While around 70% of U.S. merchant locations still aren’t ready to handle EMV card transactions, Atlanta-based merchant acquirer Elavon, a unit of U.S. Bank, can tell the opposite story: 70% of its merchant clients will be EMV-enabled by the end of this year.

Elavon expects to cross the 80% mark in 2017, but after that its momentum will diminish as it works to convince the smaller merchants who see no benefit in EMV — and are right to hold that opinion.

The merchants unlikely to adopt EMV in the foreseeable future are typically small, local stores with unique situations, dealing in highly specialized merchandise or a narrow and well-known customer base for whom counterfeit card fraud is almost unheard of. Thus, these stores don't foresee any value to investing the cost and time of upgrading to chip cards, said Guy Harris, Elavon's president of North America.

“A small shoe-repair shop, for example, has little need to invest in EMV,” he said. “You’ll never get to 100% compliance in EMV; we know that from other markets."

Elavon serves 675,000 U.S. merchants, all of which faced an Oct. 1, 2015 fraud liability shift if they chose not to support EMV-chip cards, which are designed to deter counterfeiting.

Like most involved in the EMV scramble, Elavon had to refocus company resources and improvise to meet the challenges of orchestrating the massive upgrade in the face of limited resources and tight timelines for getting merchants' terminals certified, tested and successfully processing chip transactions, Harris said.

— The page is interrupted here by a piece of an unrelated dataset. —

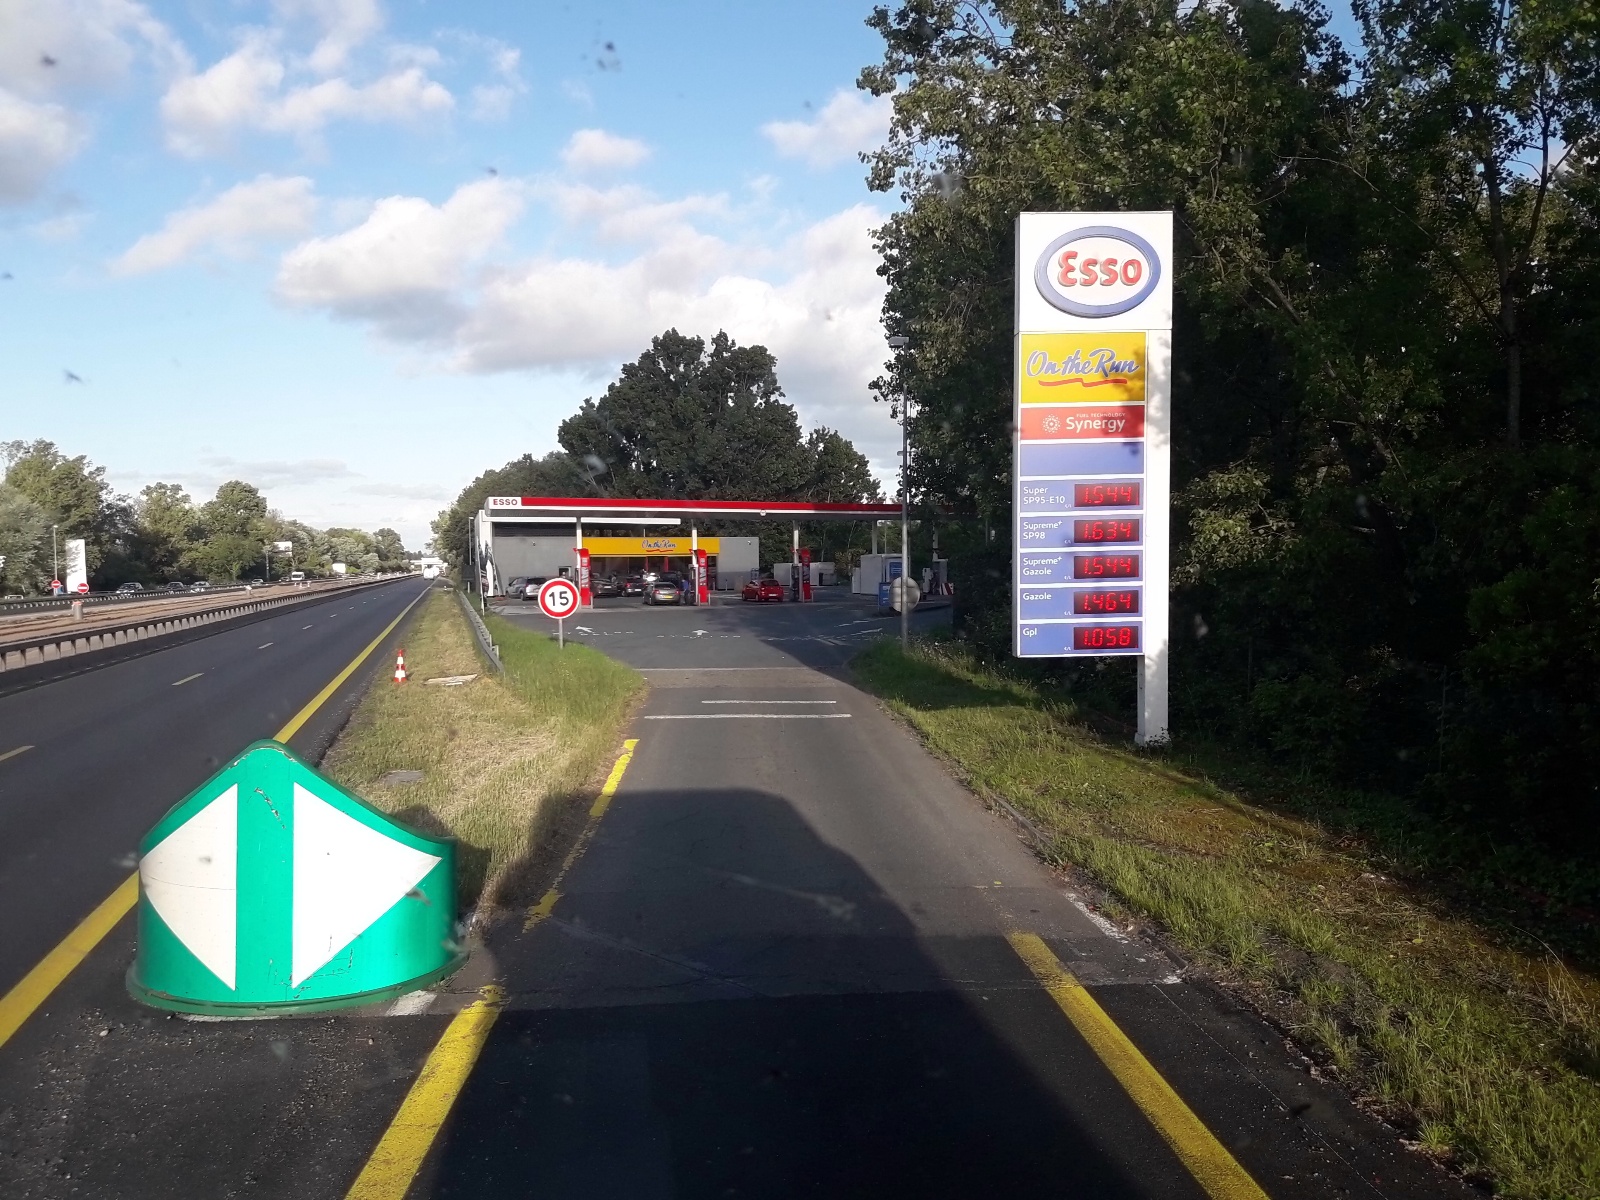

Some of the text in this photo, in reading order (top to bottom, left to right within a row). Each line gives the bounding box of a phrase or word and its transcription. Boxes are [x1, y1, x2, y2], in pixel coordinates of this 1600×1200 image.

But Elavon had a couple of advantages over other merchant acquirers in getting most of its merchants' terminals certified in a relatively timely fashion, he said.

“For one thing, we took the liability shift very seriously when it was announced (in 2011) and started work right away, realizing that EMV presented a great opportunity for us to help customers achieve security and be at the forefront of the movement,” Harris said.

Another big advantage was Elavon’s business does not focus on midsize merchants, which have the complexities of large merchants but not the resources.

“We have merchants of all sizes, but we have a big group of small merchants whose path to EMV is relatively simple and another big group of larger merchants, particularly in the hospitality and travel arenas with hotels and airlines, which tend to be big operations with big internal tech departments,” he said.

One example is Hilton Hotels, an Elavon client that’s about halfway through the conversion process for thousands of U.S. Hilton-branded hotel locations, each with multiple payment terminals.

“EMV demands a major re-engineering of their payment processes,” Harris said, noting that Hilton’s EMV conversion is “moving right along.” Elavon also gained volume from the scale of some of its merchant clients; in addition to multi-location hotels, EMV payment terminal and processing support to several major sports stadiums, Harris said.